„BVB für Amateure“ – so lautete der Titel eines Wettbewerbes, den Borussia Dortmund im Herbst 2017 ausgelobt hat. Fußball-Klubs aus Westfalen konnten sich mit konkreten Projektanträgen um Fördermittel aus einem mit 215.000 Euro gefüllten Topf bewerben. Elf Vereine erhielten schließlich Beträge zwischen 2.500 und 42.000 Euro. Das meiste Geld ist längst verbaut. So etwa beim SV Hüsten 09 im Hochsauerland. Am Beispiel des FSV Witten 07/82 wird allerdings auch deutlich, dass es manchmal gar nicht so einfach ist, Geld loszuwerden und auszugeben. Die Planungen in unserer Nachbarstadt liegen auf Eis. Und das liegt nicht am Verein...

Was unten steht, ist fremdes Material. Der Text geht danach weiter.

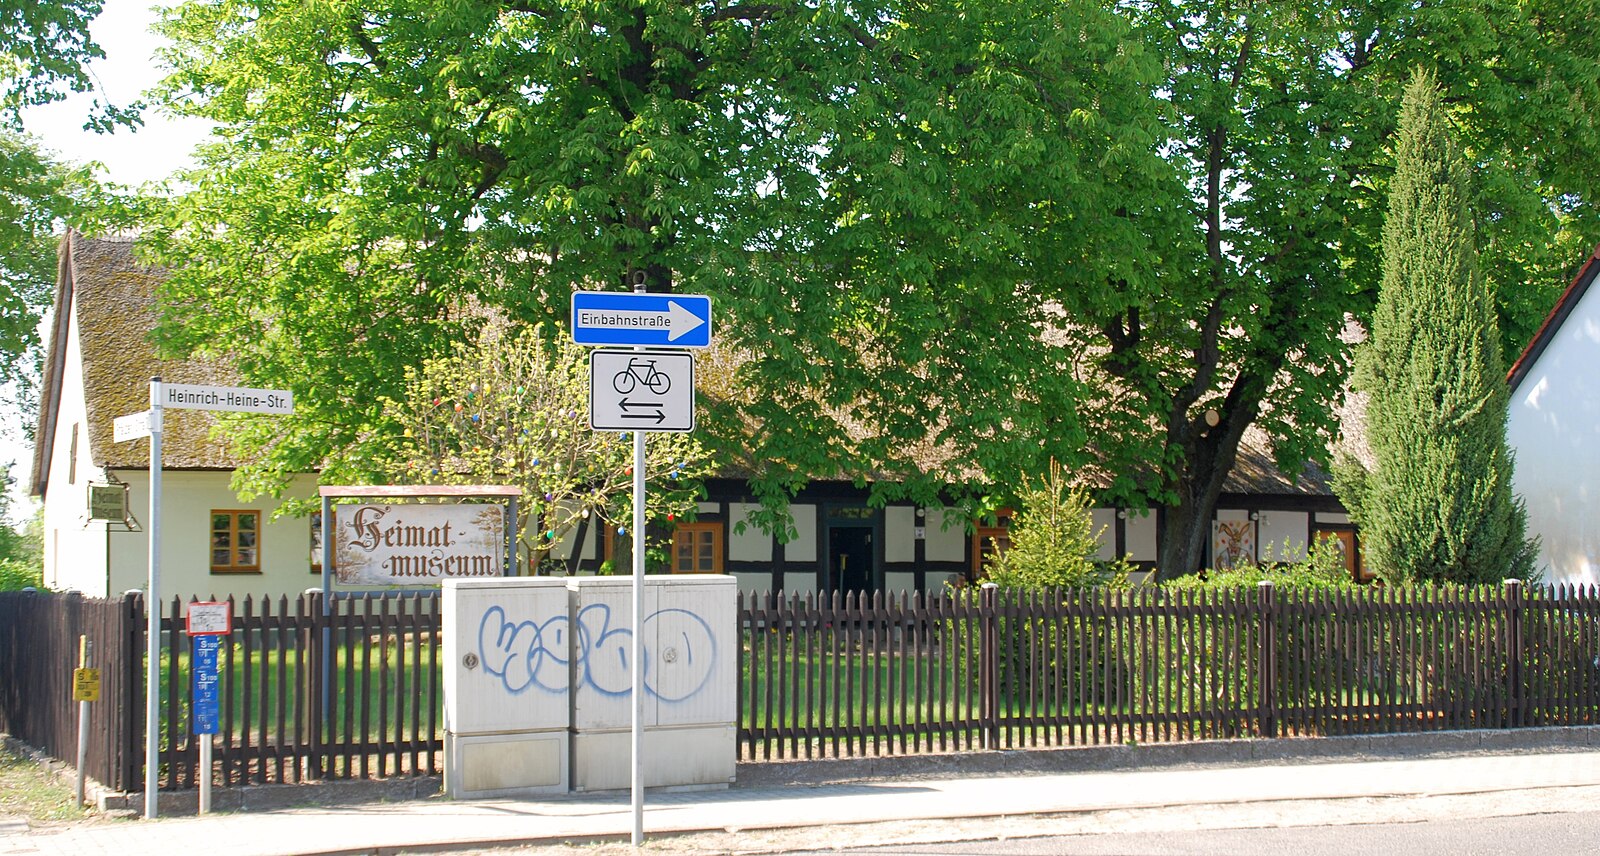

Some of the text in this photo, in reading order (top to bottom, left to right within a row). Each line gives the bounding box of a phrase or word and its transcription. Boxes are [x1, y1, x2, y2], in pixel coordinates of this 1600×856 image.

[581, 313, 671, 327] Einbahnstraße
[168, 388, 288, 409] Heinrich-Heine-Str.
[382, 549, 495, 577] museum

Offenbar hat sich da ein pfiffiger Mensch mit ausgeprägter Sprachbegabung mal so richtig Gedanken gemacht. Denn einen treffenderen und zugleich ursprünglicheren Namen als diesen kann ein Fußballstadion im Grunde ja gar nicht haben: Große Wiese! Das klingt ein bisschen wie die erste Spielstätte von Borussia Dortmund, die Weiße Wiese. Es klingt vor allem aber nach Fußball-Romantik. Große Wiese – dieser Stadionname riecht nach frisch gemähtem Gras.

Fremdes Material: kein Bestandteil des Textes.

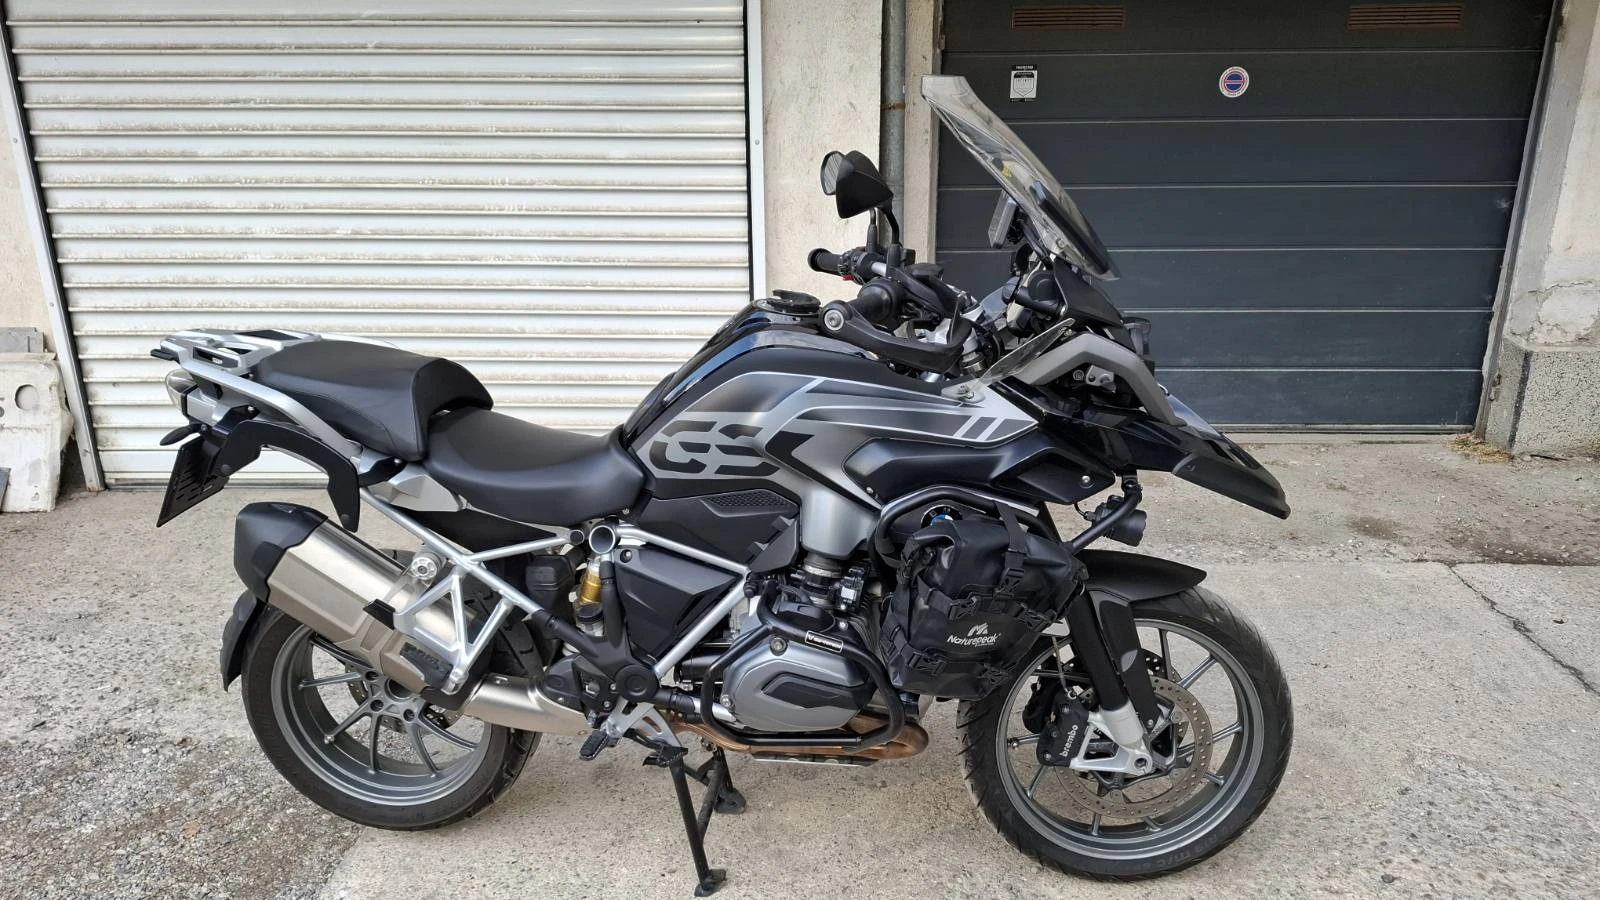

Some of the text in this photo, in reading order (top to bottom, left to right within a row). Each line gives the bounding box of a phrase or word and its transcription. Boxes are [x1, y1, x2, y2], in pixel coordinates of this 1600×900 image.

[649, 420, 780, 476] GS
[946, 633, 999, 648] Naturepeak
[1059, 724, 1078, 757] brembo
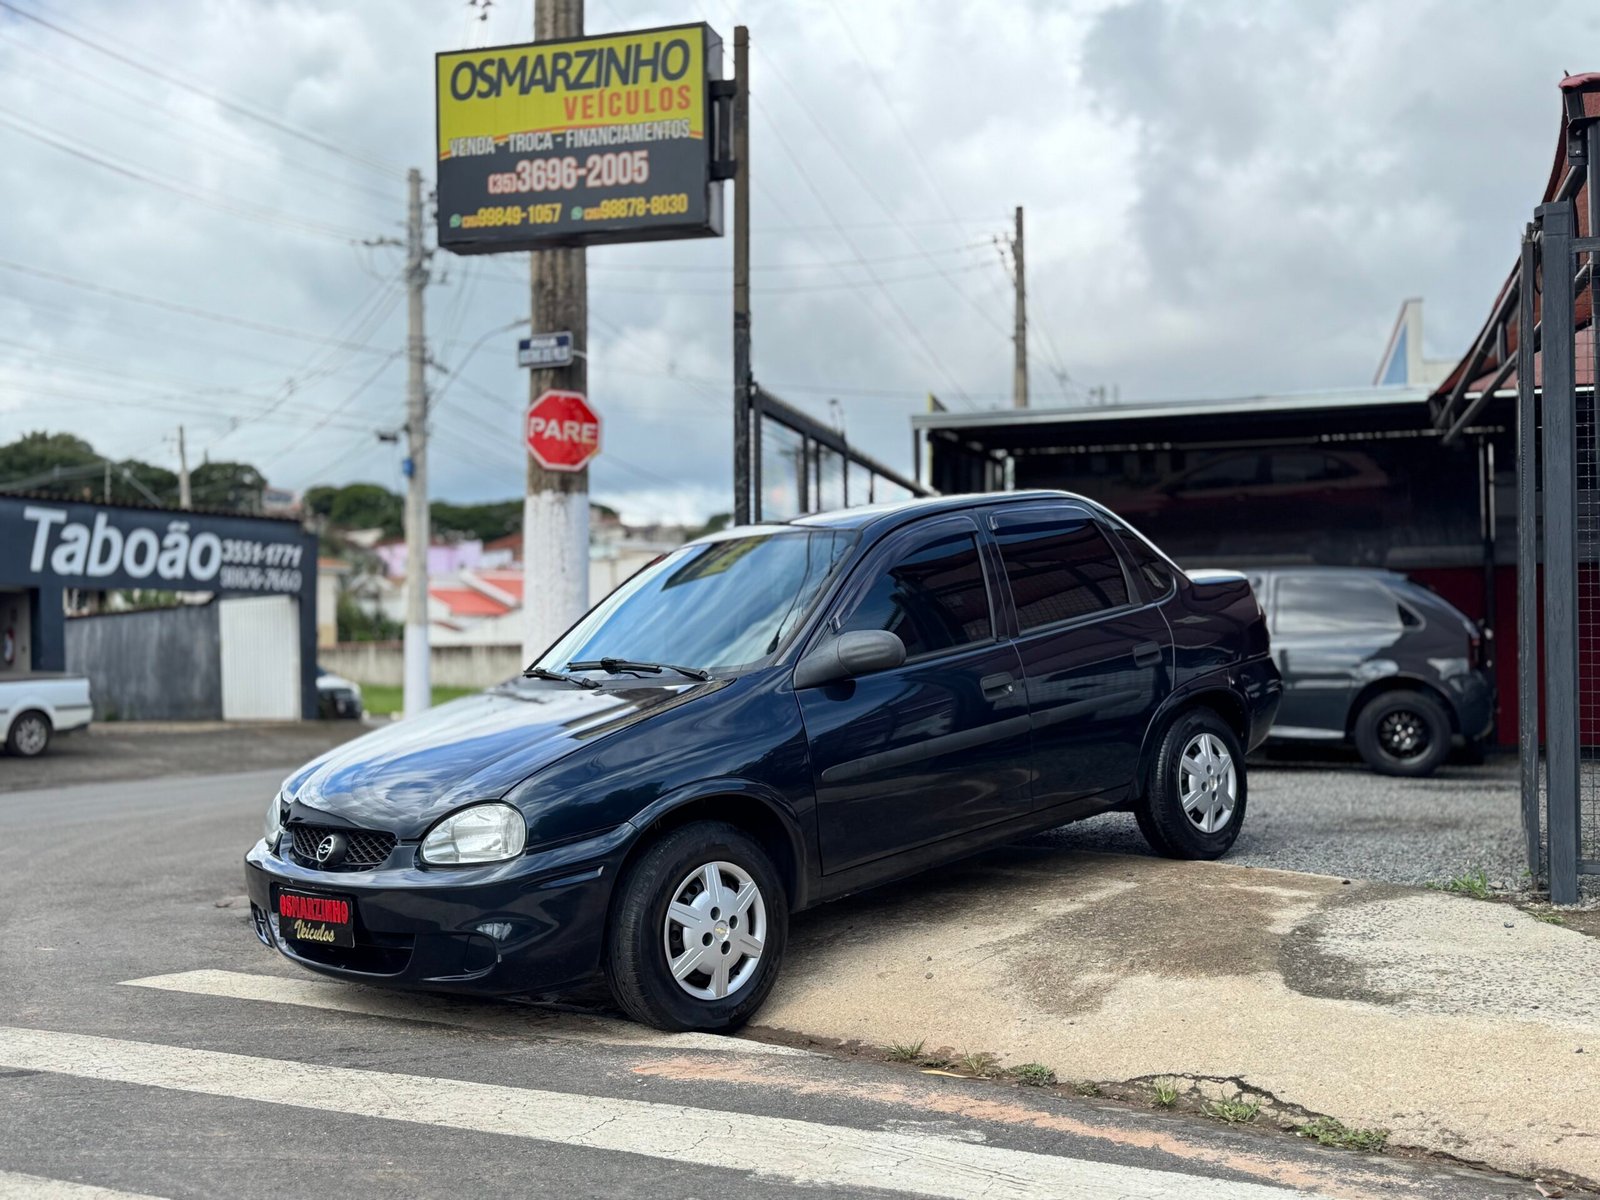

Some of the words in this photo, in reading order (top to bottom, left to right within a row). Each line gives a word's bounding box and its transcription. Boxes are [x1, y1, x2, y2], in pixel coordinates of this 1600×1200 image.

[450, 38, 690, 101] OSMARZINHO
[563, 84, 692, 121] VEÍCULOS
[449, 135, 496, 158] VENDA
[508, 129, 553, 153] TROCA
[565, 119, 690, 149] FINANCIAMENTOS
[529, 416, 597, 445] PARE
[23, 505, 222, 581] Taboão
[279, 894, 349, 924] OSMARZINHO

Während die Große Wiese längst leuchtet...

Und tatsächlich hat das Spielfeld, ganz exakt ist die Große Wiese 105 x 68 Meter groß, schon eine Menge erlebt. Viel Amateurfußball vor allem, denn das Stadion im Arnsberger Ortsteil Hüsten, umgeben von den dicht bewaldeten Hügeln des Hochsauerlandes, ist die Heimspielstätte des SV Hüsten. Der Klub wurde, wie der BVB, 1909 gegründet, seine Vereinsfarben allerdings sind nicht Schwarzgelb, sondern Schwarz-Weiß-Grün. Und auf der Großen Wiese spielt der Landesligist auch erst seit Ende der 1970-er Jahre. Doch nicht nur er. Auch Borussia Dortmund, der FC Bayern München, der FC Schalke 04, Ajax Amsterdam und Besiktas Istanbul haben hier in der Vergangenheit immer wieder Freundschaftsspiele, Nachwuchs-Teams des DFB und die Frauen-Nationalmannschaft haben hier Länderspiele bestritten.

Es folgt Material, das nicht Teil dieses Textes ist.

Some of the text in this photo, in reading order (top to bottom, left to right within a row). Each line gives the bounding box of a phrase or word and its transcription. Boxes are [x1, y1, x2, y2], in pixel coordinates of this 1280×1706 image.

Der BVB war zum Beispiel im Juli 2011 als frischgebackener Meister zu Gast in Hüsten. Mehr als 7.000 Zuschauer sahen ein 7:0. Eine tolle Kulisse – und doch war das weite Rund nur wenig mehr als halb gefüllt. Rund 13.000 Zuschauer und damit rund 3.500 mehr als heute in der Roten Erde an der Strobelallee zugelassen sind, fasst das Stadion Große Wiese. Es hat eine große Tribüne mit 2.650 überdachten Sitzplätzen und insgesamt rund 10.000 „Steher“.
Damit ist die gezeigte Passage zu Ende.